Pakistan’da eğitimci Mesut Kaçmaz ve ailesi sivil polisler tarafından tarafından 27 Eylül’de sabaha karşı 02:30’da 15 kadar sivil giyinimli polis olduğu düşünülen kişiler tarafından kaçırılmıştı. Görgü tanıkları arasından olan ve olay sırasında gözaltına alınan bir bir öğretmenin anlatımı şöyle:
“Ailenin iki kızı ağlama krizine girdi”
“İlk önce 15 kadar sivil giyimli ‘polis memuru’ Kaçmaz’ın bulunduğu daireye geldi. Polis memurları aile fertlerini ite kaka tutuklamaya çalıştı. Mesut Bey’in eşi Meral Hanım baygınlık geçiriyordu. İki kadın polis onu ayağa kaldırmaya çalışıyordu. Bu arada ailenin iki kızıda ağlama krizine girmişlerdi. Polis memurları olayı protesto eden ve cevap isteyen Mesut Bey’i kapıya doğru itelemekteydi. ‘Polis memurlarının’ Meral Hanım’a uyguladıkları orantısız müdaheleyi görünce ben de protesto ettim ve tutuklandım.”
“Mesut Bey şiddete maruz kaldı”
“İlk once beni aşağıya indirdiler. Az sonra, aile fertlerini bir bir aşağıya indirdiler. Bizi polis pikapına bindirmeden önce Meral Hanım ve ailenin kızları da dahil hepimizin gözlerimizi bağladılar ve başımıza çuval geçirdiler. Beni önden kelepçelediler. Mesut Bey’e de bir kelepçe takamadıklarından dolayı ellerini sıkıca bağladılar. Mesut Bey olayı protesto ederken şiddete maruz kaldı ve yüzüne bir iki darbe aldı.”

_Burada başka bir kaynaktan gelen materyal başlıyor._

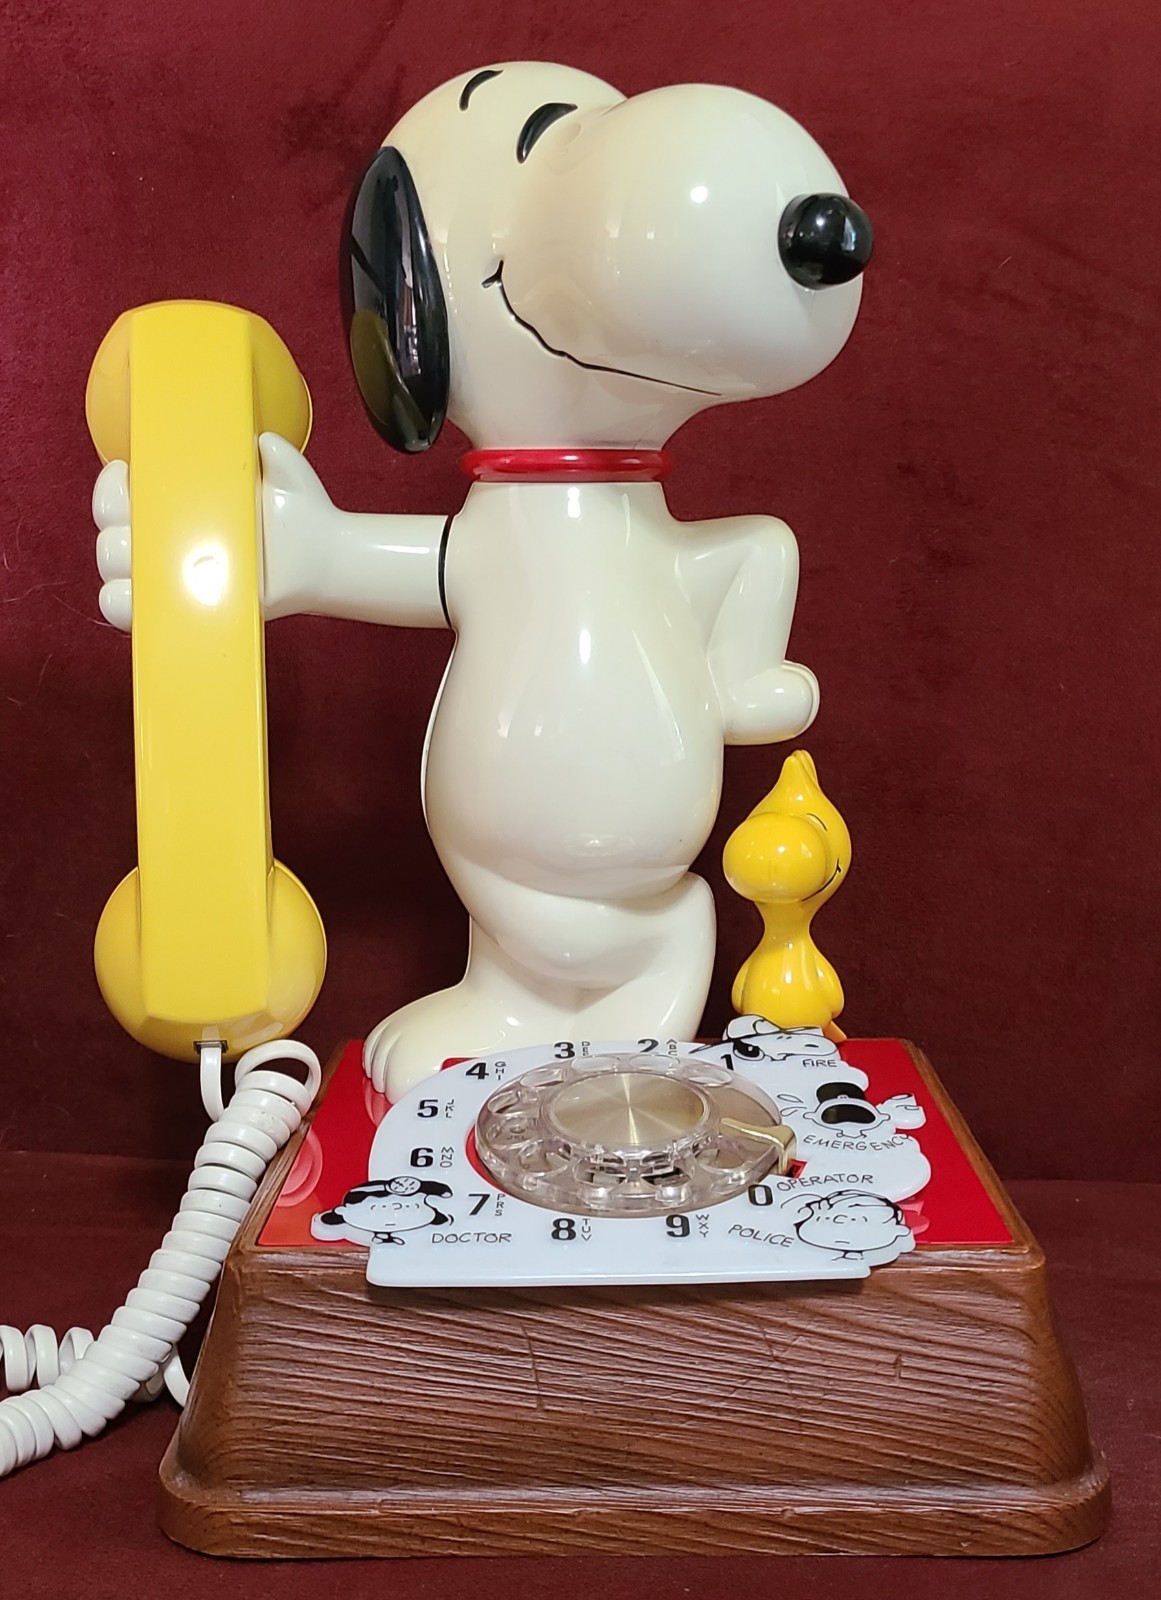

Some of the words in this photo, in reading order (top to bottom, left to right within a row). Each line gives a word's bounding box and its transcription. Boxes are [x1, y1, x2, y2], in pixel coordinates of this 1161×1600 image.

“Burası Pakistan siz kim olduğunuzu sanıyorsunuz” dediler
Polis memurlarından birisi gülerek, “Burası Pakistan. Siz kim olduğunuzu sanıyorsunuz? Biz istediğimizi yaparız” dedi. Polis pikaplarına bindirildik. Araçların üzerinde “Polis” vb işaret seçemedim. Her aracın tepe lambası vardı. Bütün “memurlar” sivil giyimliydi. 30 dakika kadar seyahat ettik, ardından göz bağlarımızı çözdüklerinde iyi döşenmiş bir villada olduğumuzu gördük. Burası bir misafirhaneye benziyordu. Orada başka kişiler de vardı. Zannederim, bunların bazıları üst düzey “memurlardı”. Oradaki “memurlardan” birisi bana, “Senin bu işe karışmaman lazımdı, ama geldin kendini de bulaştırdın. Seninle işimiz yok. Senin adın bizim listemizde yok. Seni serbest bırakacağız.”

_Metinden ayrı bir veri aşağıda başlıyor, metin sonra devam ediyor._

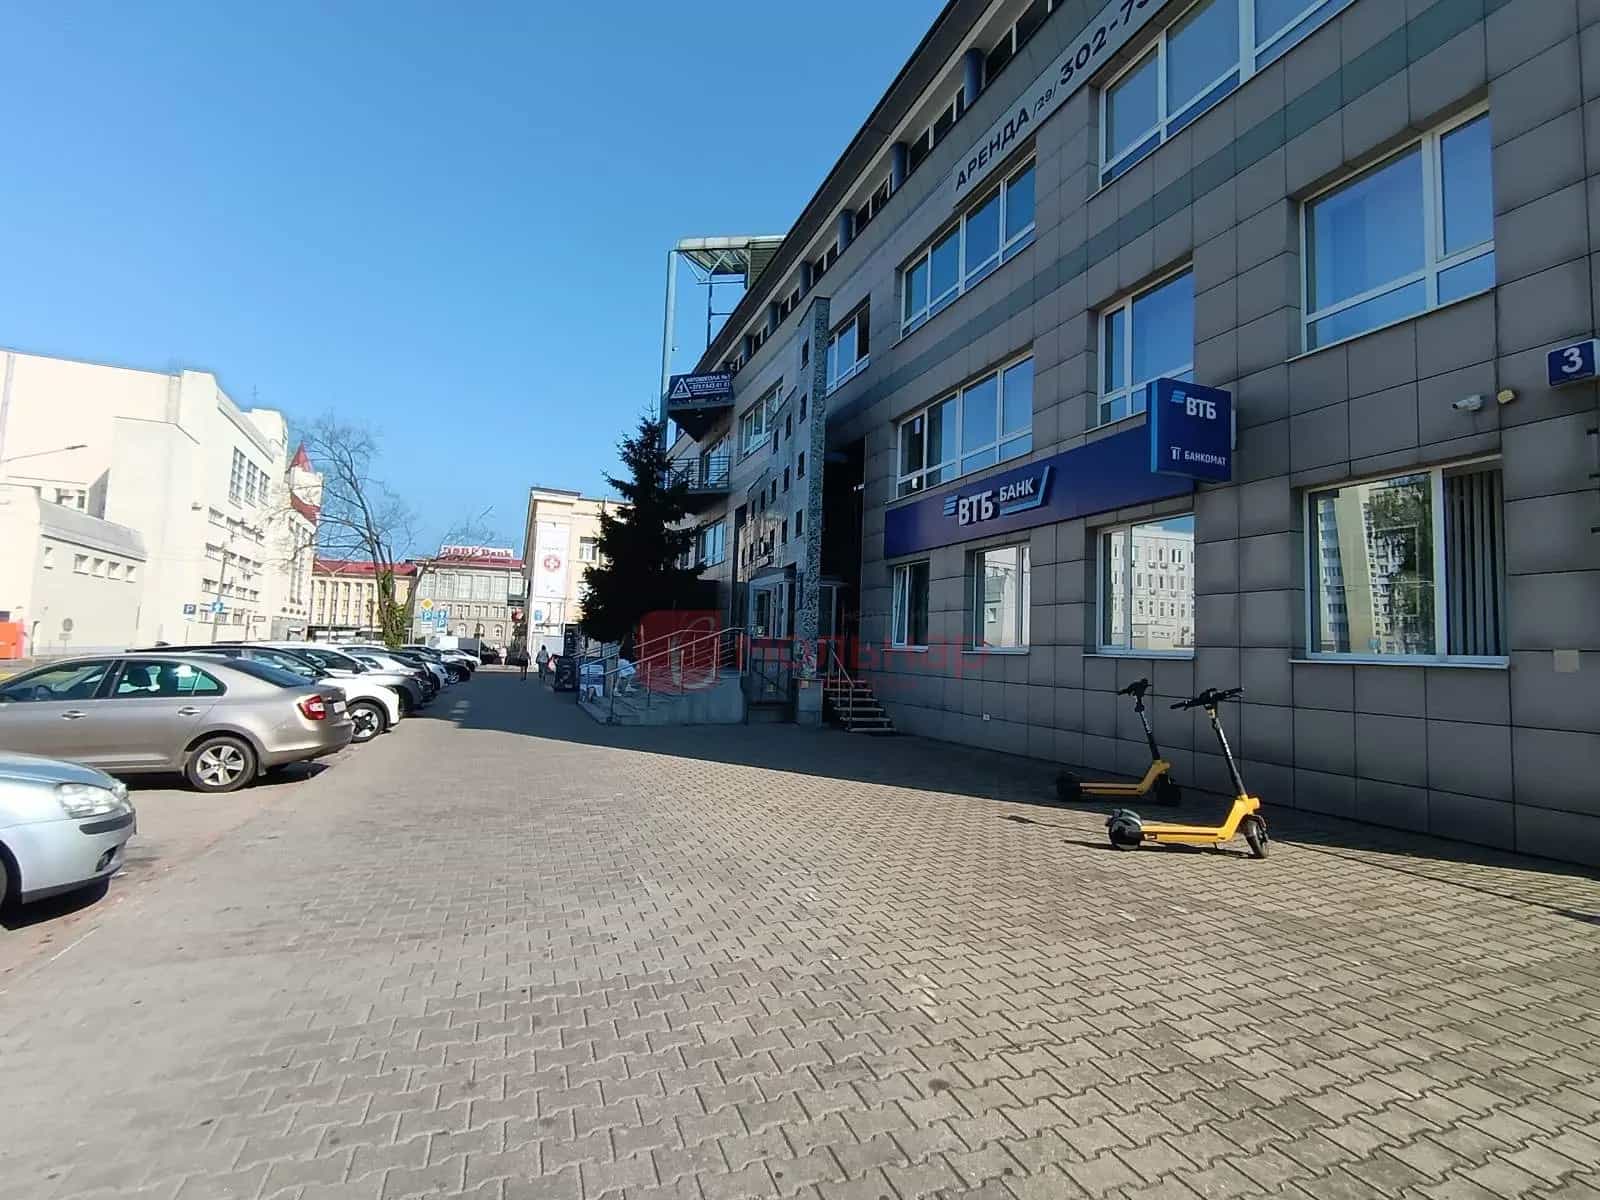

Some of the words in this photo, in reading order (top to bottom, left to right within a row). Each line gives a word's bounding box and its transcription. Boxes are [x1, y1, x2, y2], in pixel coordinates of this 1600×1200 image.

[955, 107, 1029, 192] АРЕНДА
[1561, 347, 1583, 373] 3
[1186, 397, 1217, 420] ВТБ
[1184, 450, 1226, 465] БАНКОМАТ
[957, 489, 994, 526] ВТБ
[999, 477, 1035, 502] БАНК
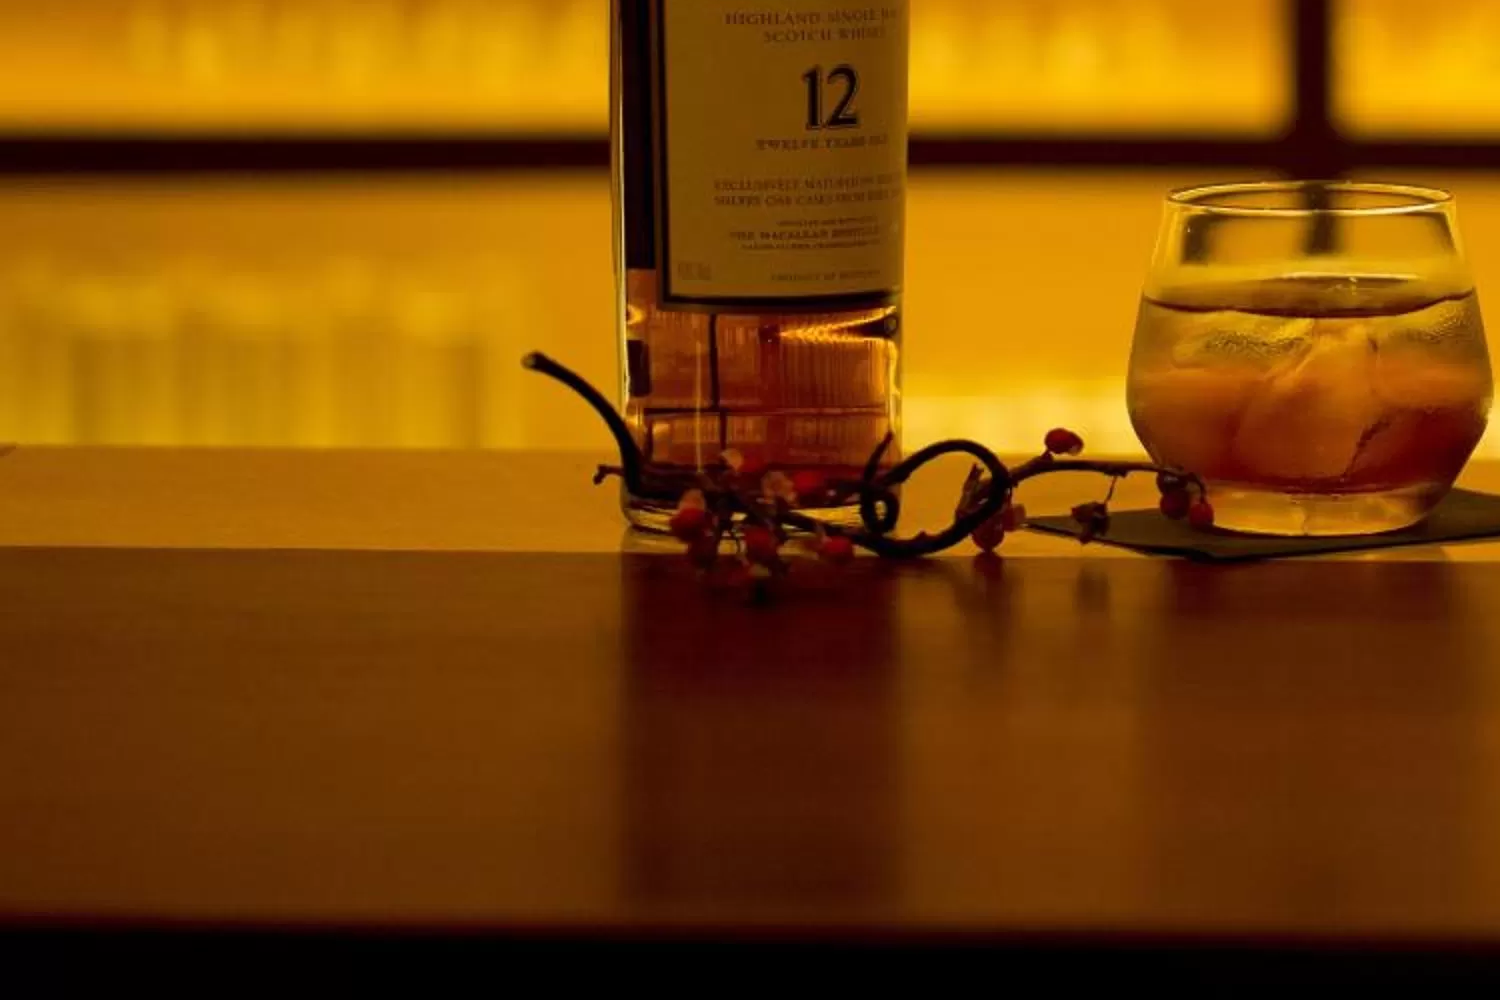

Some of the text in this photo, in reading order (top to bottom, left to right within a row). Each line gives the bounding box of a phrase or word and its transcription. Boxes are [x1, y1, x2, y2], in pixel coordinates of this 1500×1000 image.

[724, 10, 822, 26] HIGHLAND
[763, 28, 832, 44] SCOTCH
[801, 63, 858, 131] 12

“Saati bilmeyelim diye duvardaki saati bile indirdiler. Gözlerimi yeniden bağladılar ve beni yaşadığım sitenin kapısına bıraktılar. Ayakkabı giymiyordum, dolayısıyla yalın ayak eve yürüdüm. Herhangi bir plaka göremedim. Dört kişilik ailenin evine 15 kişilik bir “polis grubunun” gönderilmesi şok ediciydi. Bundan daha fazla şok edici husus da aileye reva görülen uygulamaydı:
“Evin hanımı ve kızlarının başına çuval geçirdiler”
“Evin hanımı ve genç kızları dahil hepsinin gözlerinin bağlanması ve başlarına çuval geçirilmesi… Bizler sıradan eğitimcileriz ve sanki suçluymuşuz gibi bizlere reva görülen bu kötü uygulama gerçekten de şok edici. Gelen insanların kim olduğu ve hangi kuruma ait oldukları hakkında hiçbir bilgim yok.”